Working separately, the two scientists, both 68, developed "ingenious laboratory methods" that allowed them to manage and measure and control fragile quantum states, the Royal Swedish Academy of Sciences said.

"Their ground-breaking methods have enabled this field of research to take the very first steps towards building a new type of superfast computer based on quantum physics," the academy said. "The research has also led to the construction of extremely precise clocks that could become the future basis for a new standard of time."

Haroche is a professor at the College de France and Ecole Normale Superieure in Paris. Wineland is a physicist at the National Institute of Standards and Technology, or NIST, and the University of Colorado in Boulder, Colorado.

The two researchers use opposite approaches to examine, control and count quantum particles, the academy said.

Wineland traps ions — electrically charged atoms — and measures them with light, while Haroche controls and measures photons, or light particles.

Haroche said he was out walking with his wife when he got the call from the Nobel judges.

"I was in the street and passing a bench so I was able to sit down," Haroche told a news conference in Stockholm by telephone. "It's very overwhelming."

He said his work in the realm of quantum physics could ultimately lead to unimaginably fast computers.

"You can do things which are prohibited by the laws of classical physics," he told The Associated Press.

Haroche also said quantum research could help make GPS navigating systems more accurate.

NIST spokesman Jim Burrus said Wineland was asleep at home in Boulder when the call came in early Tuesday notifying him that he won; his wife answered the phone.

Burrus said Wineland described the news as overwhelming and wonderful.

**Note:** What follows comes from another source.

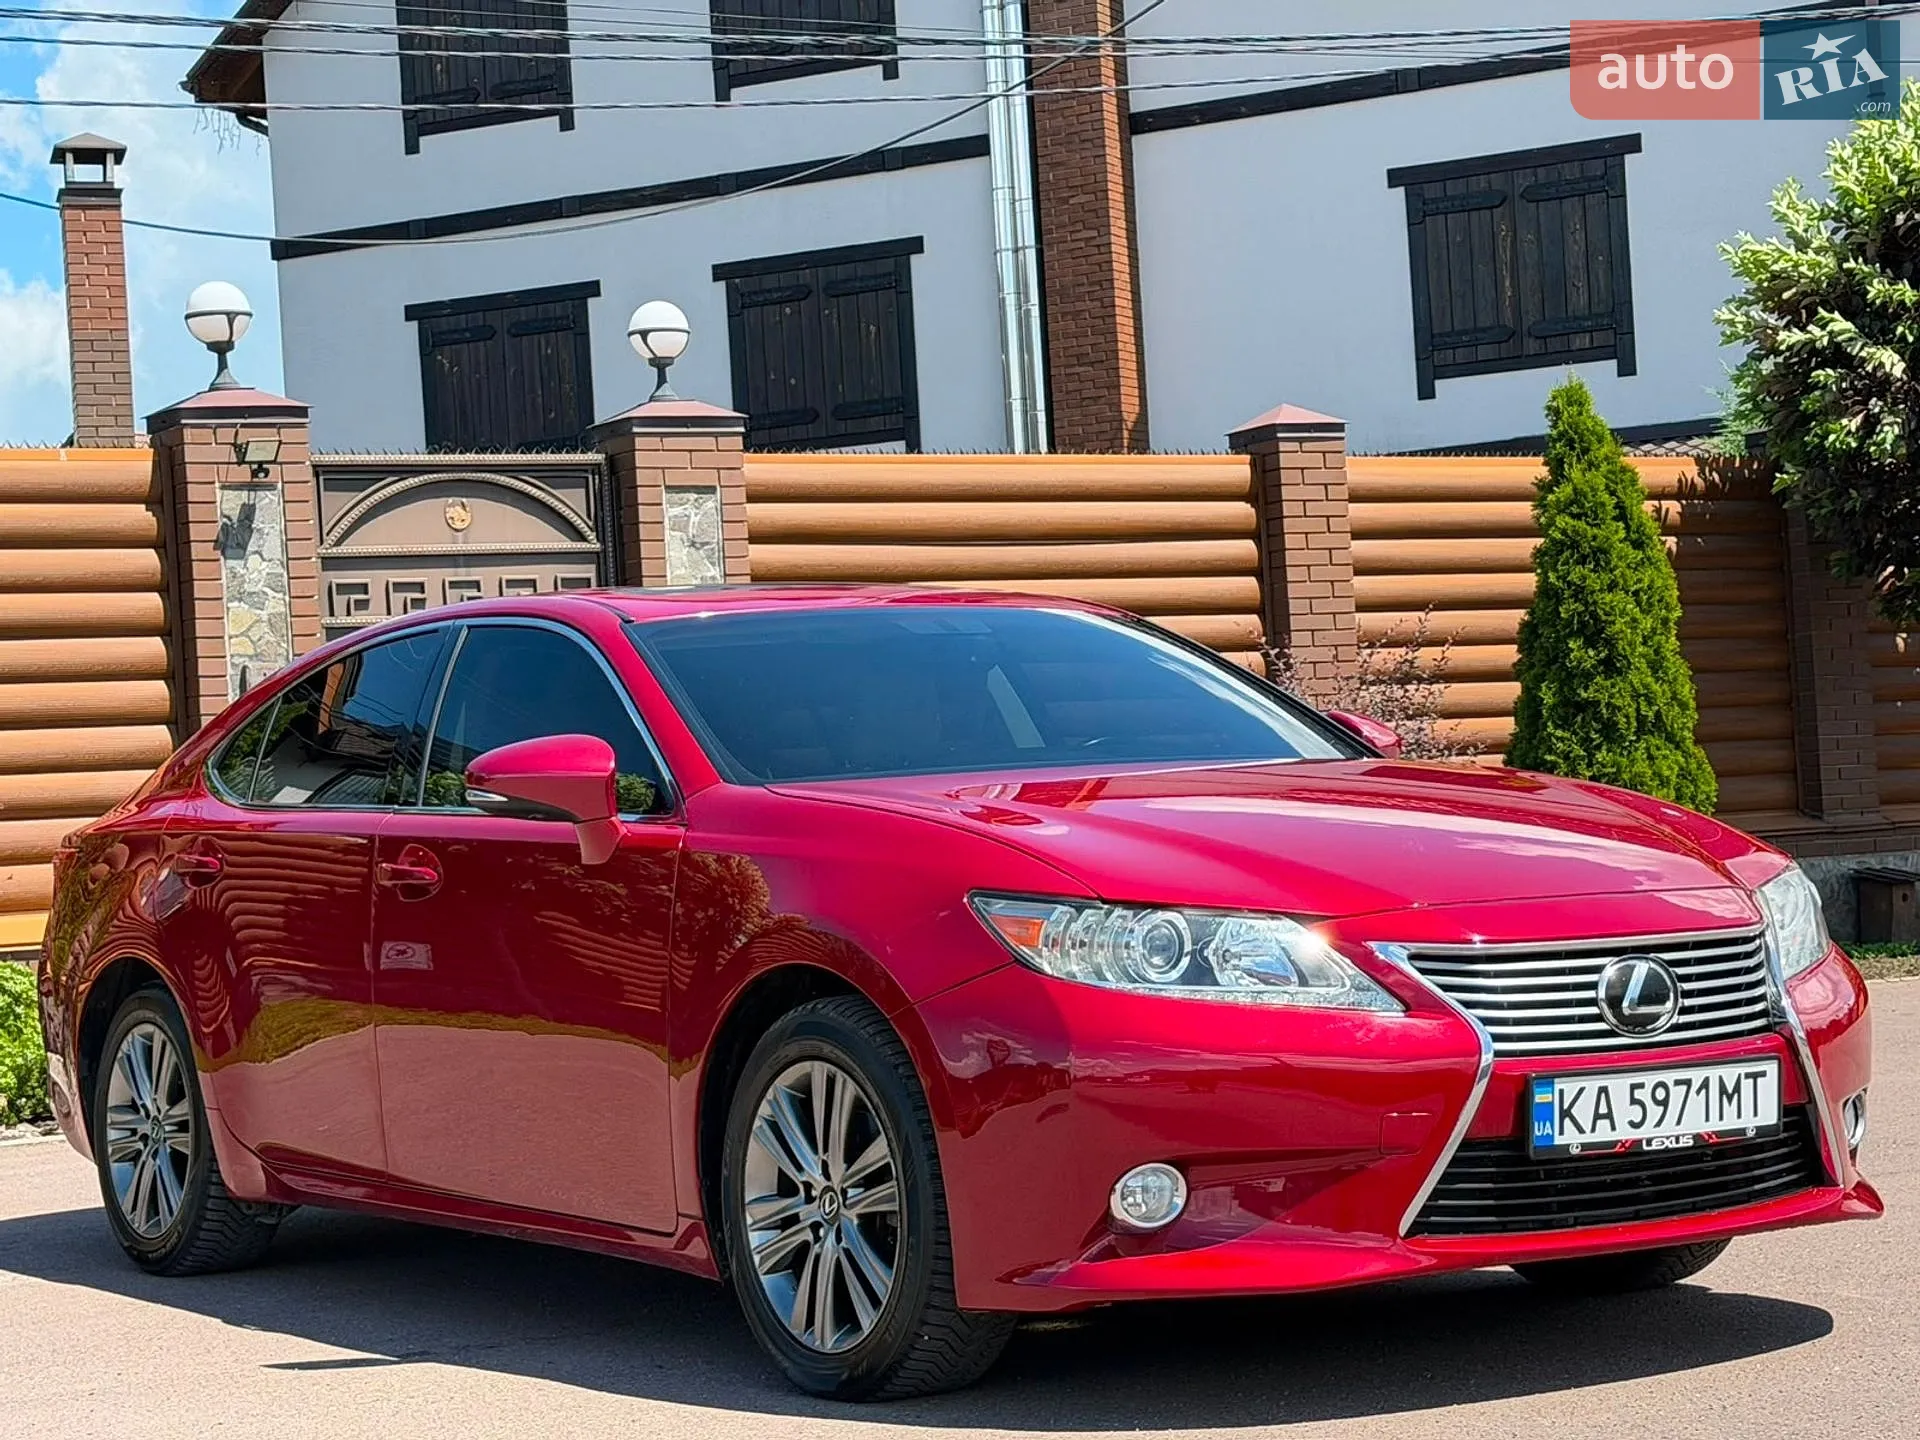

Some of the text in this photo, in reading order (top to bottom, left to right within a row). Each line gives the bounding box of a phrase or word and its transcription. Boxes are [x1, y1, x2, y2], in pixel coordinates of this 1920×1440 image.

[1558, 1085, 1617, 1136] KA
[1534, 1120, 1553, 1136] UA
[1642, 1134, 1694, 1150] LEXUS
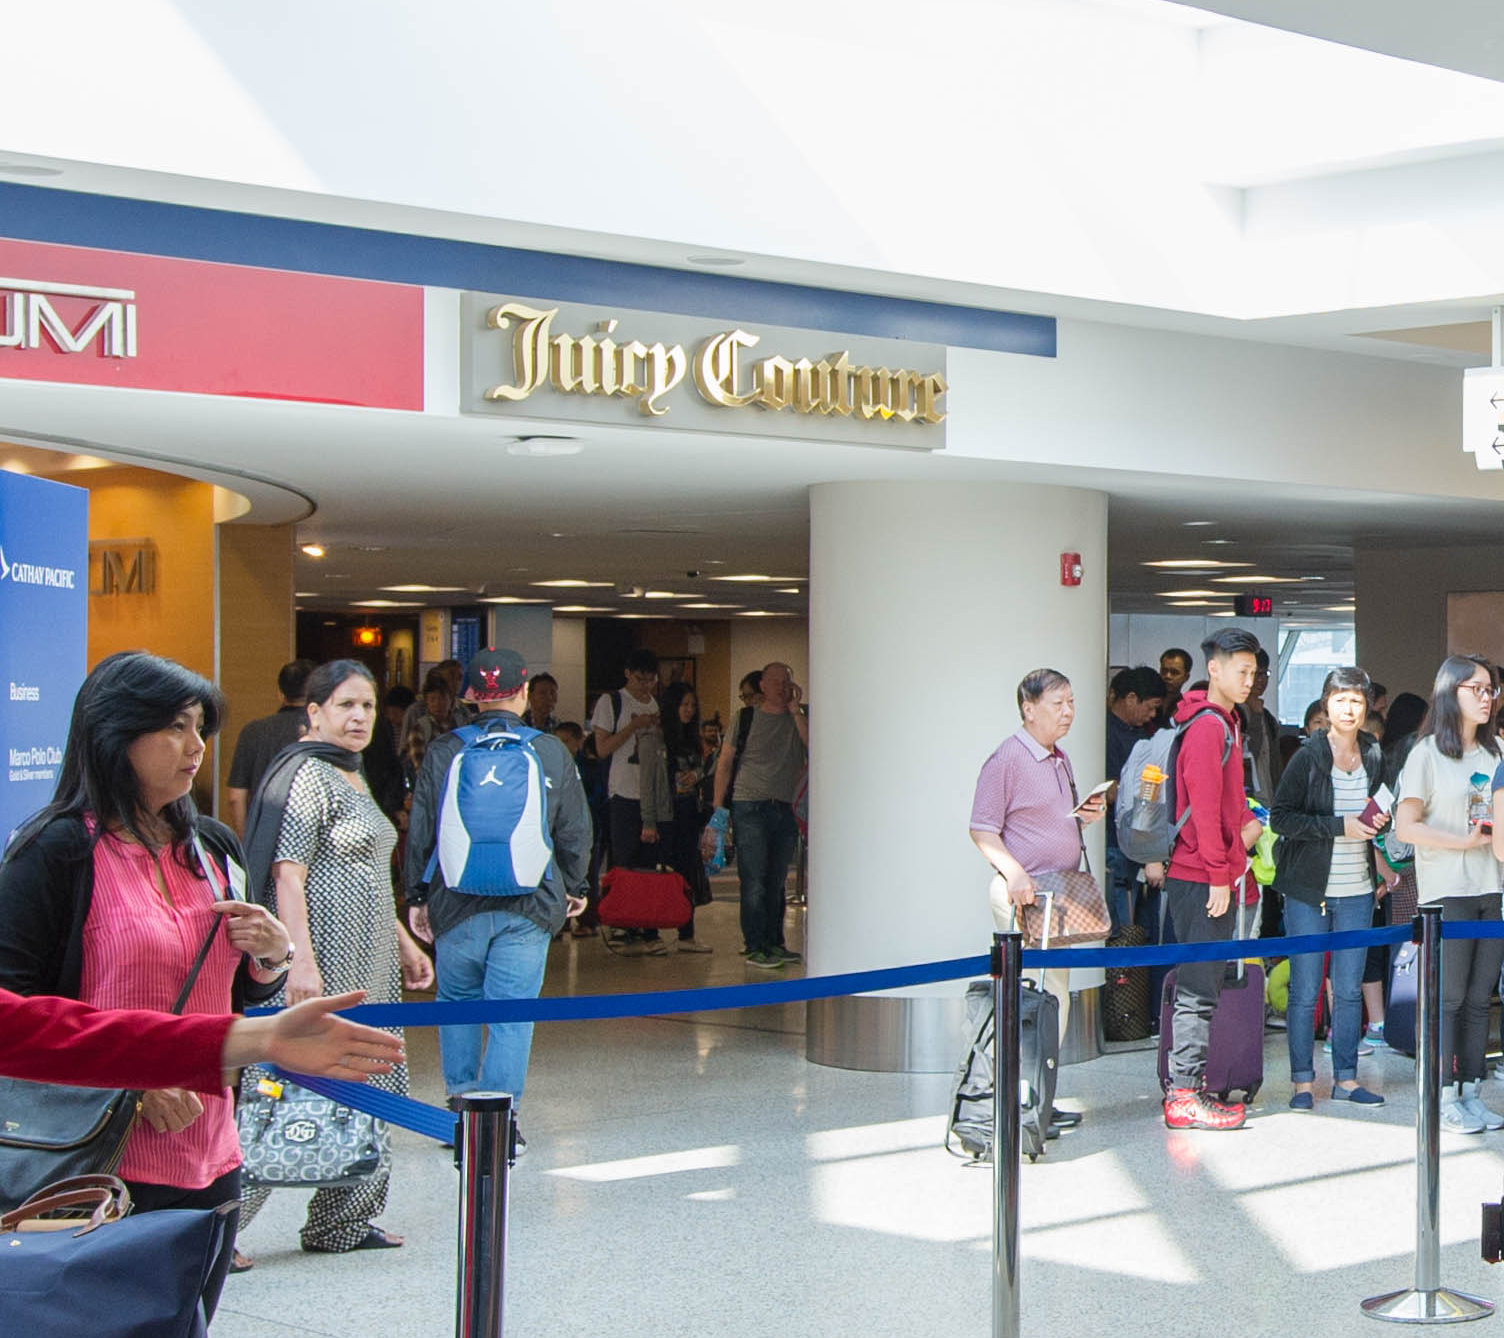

He described Wineland as a humble person who never expected to win prizes. He also doesn't take himself very seriously: Wineland once played first base on a NIST softball team called "Field of Dweebs."

Christopher Monroe, who does similar work at the Joint Quantum Institute at the University of Maryland, said the awarding of the prize to the two men "is not a big surprise to me ... It was sort of obvious that they were a package."

Monroe said that thanks to the bizarre properties of the quantum world, when he and Wineland worked together in the 1990s, they were able to put a single atom in two places simultaneously.

At that time, it wasn't clear that trapping single atoms could help pave the way to superfast quantum computers, he said. That whole field "just fell into our laps,'" Monroe said.

In an ordinary computer, information is represented in bits, each of which is either a zero or a one. But in a quantum computer, an individual particle can essentially represent a zero and a one at the same time. If scientists can make such particles work together, certain kinds of calculations could be done with blazing speed.

One example is the factoring, the process of discovering what numbers can be multiplied together to produce a given number. That has implications for breaking codes, Monroe said.

Quantum computers could radically change people's lives in the way that classical computers did last century, but a full-scale quantum computer is still decades away, the Nobel judges said.

"The calculations would be incredibly much faster and exact and you would be able to use it for areas like metrology and for measuring the climate of the earth," said Lars Bergstrom, the secretary of the prize committee.

The physics prize was the second of the 2012 Nobel Prizes to be announced, with the medicine award going Monday to stem cell pioneers John Gurdon of Britain and Japan's Shinya Yamanaka. Each award is worth 8 million kronor, or about $1.2 million.

Only two women have won the physics prize since it was first awarded in 1901: Marie Curie in 1903 and Maria Goeppert-Mayer in 1963.

The prizes are always handed out on Dec. 10, the anniversary of prize founder Alfred Nobel's death in 1896.